# Exercise aim
Set the listing down once more, exactly as given.
(Data for review begins)
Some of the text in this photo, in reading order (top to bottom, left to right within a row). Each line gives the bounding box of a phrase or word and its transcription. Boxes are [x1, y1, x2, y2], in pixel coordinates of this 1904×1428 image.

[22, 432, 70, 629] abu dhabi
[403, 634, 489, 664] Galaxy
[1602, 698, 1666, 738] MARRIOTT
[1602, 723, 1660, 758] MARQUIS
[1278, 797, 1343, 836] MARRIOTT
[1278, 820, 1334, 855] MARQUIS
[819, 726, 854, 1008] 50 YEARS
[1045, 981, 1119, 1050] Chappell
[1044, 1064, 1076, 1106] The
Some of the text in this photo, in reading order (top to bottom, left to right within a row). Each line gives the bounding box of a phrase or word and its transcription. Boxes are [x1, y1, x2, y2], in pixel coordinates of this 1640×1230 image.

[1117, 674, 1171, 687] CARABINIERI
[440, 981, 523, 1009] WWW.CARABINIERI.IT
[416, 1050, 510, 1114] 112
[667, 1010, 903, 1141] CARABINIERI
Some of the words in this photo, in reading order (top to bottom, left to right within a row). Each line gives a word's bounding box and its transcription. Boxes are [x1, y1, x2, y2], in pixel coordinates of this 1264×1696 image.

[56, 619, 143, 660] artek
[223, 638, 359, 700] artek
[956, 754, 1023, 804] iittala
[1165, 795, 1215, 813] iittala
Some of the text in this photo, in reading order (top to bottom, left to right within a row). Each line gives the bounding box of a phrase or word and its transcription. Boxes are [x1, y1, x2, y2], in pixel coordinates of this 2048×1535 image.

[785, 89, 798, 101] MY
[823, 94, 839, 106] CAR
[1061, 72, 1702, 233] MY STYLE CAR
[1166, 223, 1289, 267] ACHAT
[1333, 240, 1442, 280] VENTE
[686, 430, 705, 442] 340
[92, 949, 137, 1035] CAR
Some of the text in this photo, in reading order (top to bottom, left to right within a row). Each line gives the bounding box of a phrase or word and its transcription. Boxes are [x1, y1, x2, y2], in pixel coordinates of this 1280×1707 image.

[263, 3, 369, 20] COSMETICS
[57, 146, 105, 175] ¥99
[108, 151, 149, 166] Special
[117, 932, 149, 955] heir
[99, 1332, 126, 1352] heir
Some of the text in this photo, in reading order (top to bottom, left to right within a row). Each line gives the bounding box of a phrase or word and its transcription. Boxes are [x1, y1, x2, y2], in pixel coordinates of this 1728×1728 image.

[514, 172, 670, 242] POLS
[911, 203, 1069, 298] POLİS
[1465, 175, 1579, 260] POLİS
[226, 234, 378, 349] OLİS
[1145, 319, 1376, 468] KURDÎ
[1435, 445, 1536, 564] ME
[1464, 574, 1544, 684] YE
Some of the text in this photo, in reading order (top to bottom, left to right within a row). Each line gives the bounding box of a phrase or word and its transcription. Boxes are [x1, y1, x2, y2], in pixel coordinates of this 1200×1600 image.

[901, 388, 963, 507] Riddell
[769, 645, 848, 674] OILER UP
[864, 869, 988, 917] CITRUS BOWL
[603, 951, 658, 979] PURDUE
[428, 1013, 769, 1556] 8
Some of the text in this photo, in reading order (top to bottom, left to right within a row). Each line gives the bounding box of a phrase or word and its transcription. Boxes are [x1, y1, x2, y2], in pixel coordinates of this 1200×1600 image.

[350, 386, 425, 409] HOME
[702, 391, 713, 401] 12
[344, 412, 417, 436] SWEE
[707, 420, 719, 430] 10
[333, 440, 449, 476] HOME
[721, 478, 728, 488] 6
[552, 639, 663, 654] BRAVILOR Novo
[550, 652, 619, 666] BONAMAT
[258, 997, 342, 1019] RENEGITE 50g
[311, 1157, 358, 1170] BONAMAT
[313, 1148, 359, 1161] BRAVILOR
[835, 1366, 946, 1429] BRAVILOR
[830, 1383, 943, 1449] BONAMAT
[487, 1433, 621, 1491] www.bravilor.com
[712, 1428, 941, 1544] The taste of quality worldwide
(Data for review ends)
# Output for this exercise
Some of the text in this photo, in reading order (top to bottom, left to right within a row). Each line gives the bounding box of a phrase or word and its transcription. Boxes are [x1, y1, x2, y2], in pixel coordinates of this 1904×1428 image.

[22, 432, 70, 629] abu dhabi
[403, 634, 489, 664] Galaxy
[1602, 698, 1666, 738] MARRIOTT
[1602, 723, 1660, 758] MARQUIS
[1278, 797, 1343, 836] MARRIOTT
[1278, 820, 1334, 855] MARQUIS
[819, 726, 854, 1008] 50 YEARS
[1045, 981, 1119, 1050] Chappell
[1044, 1064, 1076, 1106] The
Some of the text in this photo, in reading order (top to bottom, left to right within a row). Each line gives the bounding box of a phrase or word and its transcription. Boxes are [x1, y1, x2, y2], in pixel coordinates of this 1640×1230 image.

[1117, 674, 1171, 687] CARABINIERI
[440, 981, 523, 1009] WWW.CARABINIERI.IT
[416, 1050, 510, 1114] 112
[667, 1010, 903, 1141] CARABINIERI
Some of the words in this photo, in reading order (top to bottom, left to right within a row). Each line gives a word's bounding box and its transcription. Boxes are [x1, y1, x2, y2], in pixel coordinates of this 1264×1696 image.

[56, 619, 143, 660] artek
[223, 638, 359, 700] artek
[956, 754, 1023, 804] iittala
[1165, 795, 1215, 813] iittala
Some of the text in this photo, in reading order (top to bottom, left to right within a row). Each line gives the bounding box of a phrase or word and its transcription. Boxes are [x1, y1, x2, y2], in pixel coordinates of this 2048×1535 image.

[785, 89, 798, 101] MY
[823, 94, 839, 106] CAR
[1061, 72, 1702, 233] MY STYLE CAR
[1166, 223, 1289, 267] ACHAT
[1333, 240, 1442, 280] VENTE
[686, 430, 705, 442] 340
[92, 949, 137, 1035] CAR
Some of the text in this photo, in reading order (top to bottom, left to right within a row). Each line gives the bounding box of a phrase or word and its transcription. Boxes are [x1, y1, x2, y2], in pixel coordinates of this 1280×1707 image.

[263, 3, 369, 20] COSMETICS
[57, 146, 105, 175] ¥99
[108, 151, 149, 166] Special
[117, 932, 149, 955] heir
[99, 1332, 126, 1352] heir
Some of the text in this photo, in reading order (top to bottom, left to right within a row). Each line gives the bounding box of a phrase or word and its transcription. Boxes are [x1, y1, x2, y2], in pixel coordinates of this 1728×1728 image.

[514, 172, 670, 242] POLS
[911, 203, 1069, 298] POLİS
[1465, 175, 1579, 260] POLİS
[226, 234, 378, 349] OLİS
[1145, 319, 1376, 468] KURDÎ
[1435, 445, 1536, 564] ME
[1464, 574, 1544, 684] YE
Some of the text in this photo, in reading order (top to bottom, left to right within a row). Each line gives the bounding box of a phrase or word and its transcription. Boxes are [x1, y1, x2, y2], in pixel coordinates of this 1200×1600 image.

[901, 388, 963, 507] Riddell
[769, 645, 848, 674] OILER UP
[864, 869, 988, 917] CITRUS BOWL
[603, 951, 658, 979] PURDUE
[428, 1013, 769, 1556] 8
Some of the text in this photo, in reading order (top to bottom, left to right within a row). Each line gives the bounding box of a phrase or word and its transcription. Boxes are [x1, y1, x2, y2], in pixel coordinates of this 1200×1600 image.

[350, 386, 425, 409] HOME
[702, 391, 713, 401] 12
[344, 412, 417, 436] SWEE
[707, 420, 719, 430] 10
[333, 440, 449, 476] HOME
[721, 478, 728, 488] 6
[552, 639, 663, 654] BRAVILOR Novo
[550, 652, 619, 666] BONAMAT
[258, 997, 342, 1019] RENEGITE 50g
[311, 1157, 358, 1170] BONAMAT
[313, 1148, 359, 1161] BRAVILOR
[835, 1366, 946, 1429] BRAVILOR
[830, 1383, 943, 1449] BONAMAT
[487, 1433, 621, 1491] www.bravilor.com
[712, 1428, 941, 1544] The taste of quality worldwide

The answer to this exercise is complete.